A scandal-hit assembly member quit Ian Paisley’s DUP yesterday, potentially altering the make-up of the North’s political institutions.
Suspended DUP man Paul Berry made the announcement after abandoning a legal action against the party leadership.
The announcement was made in the High Court in Belfast, which was told that Mr Berry had agreed to pay #3,000 towards the party’s legal costs.
The Newry and Armagh assembly member was granted an interim injunction last November to stop the DUP going ahead with disciplinary action following newspaper allegations about his private life.
In a statement issued through Madden and Finucane solicitors, Mr Berry said he intended to remain as an independent assembly member and as a member of Armagh city council.
However, the implications of Mr Berry’s decision to resign from the DUP will have repercussions for his former party.
By reducing the DUP’s Assembly team from 33 to 32, Mr Berry’s resignation will reduce the party’s entitlement to ministerial places in a future executive.
According to the calcualtions under the obscure d’Hondt system for sharing power, the DUP, which had been expecting to get four seats, would be reduced to just three.

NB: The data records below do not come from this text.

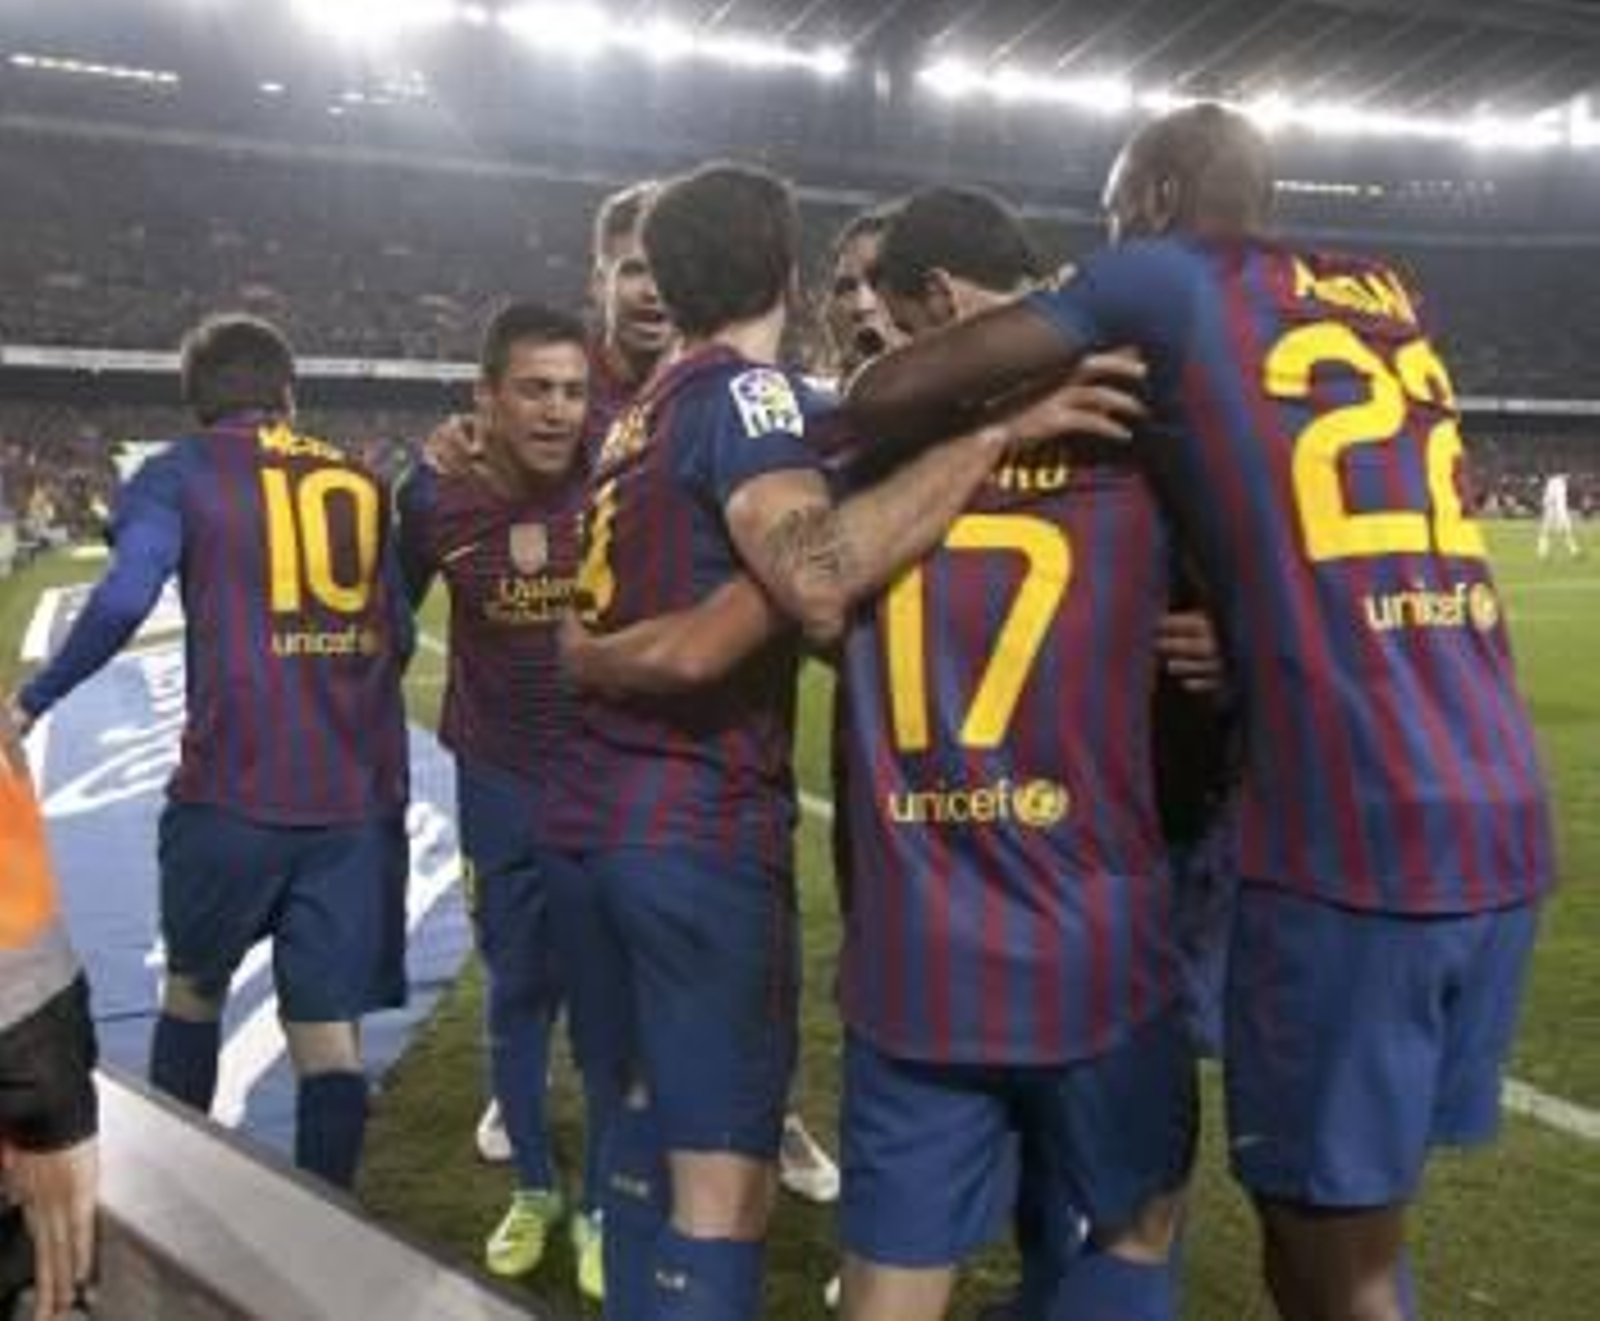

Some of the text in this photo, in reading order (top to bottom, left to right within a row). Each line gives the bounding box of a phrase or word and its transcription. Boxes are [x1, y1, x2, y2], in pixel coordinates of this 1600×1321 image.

[1264, 321, 1484, 561] 22
[262, 467, 378, 612] 10
[1365, 582, 1467, 630] unicef
[888, 514, 1071, 751] 17
[889, 778, 1011, 822] unicef

Sinn Féin, which had been due to have two ministers, would now get three.
This is considered largely academic as the chances of a power sharing executive being restored anytime soon are almost zero.
However, the Policing Board is also subject to the same calculation when it is reconstituted on April 1st.

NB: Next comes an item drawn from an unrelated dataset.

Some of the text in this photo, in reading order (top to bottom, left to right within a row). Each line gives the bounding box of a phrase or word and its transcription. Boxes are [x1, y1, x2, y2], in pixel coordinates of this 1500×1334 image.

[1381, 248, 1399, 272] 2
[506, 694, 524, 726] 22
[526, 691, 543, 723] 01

This will see the DUP team on the board remain at three, whilst Sinn Féin’s two seats -- currently empty, but due to go to independent nationalists if republicans refuse to take them -- would increase to three.
The change could be used to increase pressure on Sinn Féin to take its seats on the board, one of the issues under discussion in the current talks process.
British officials have said that the mathematical change has caught them unawares. They are currently close to finishing interviews for the independent members of the board.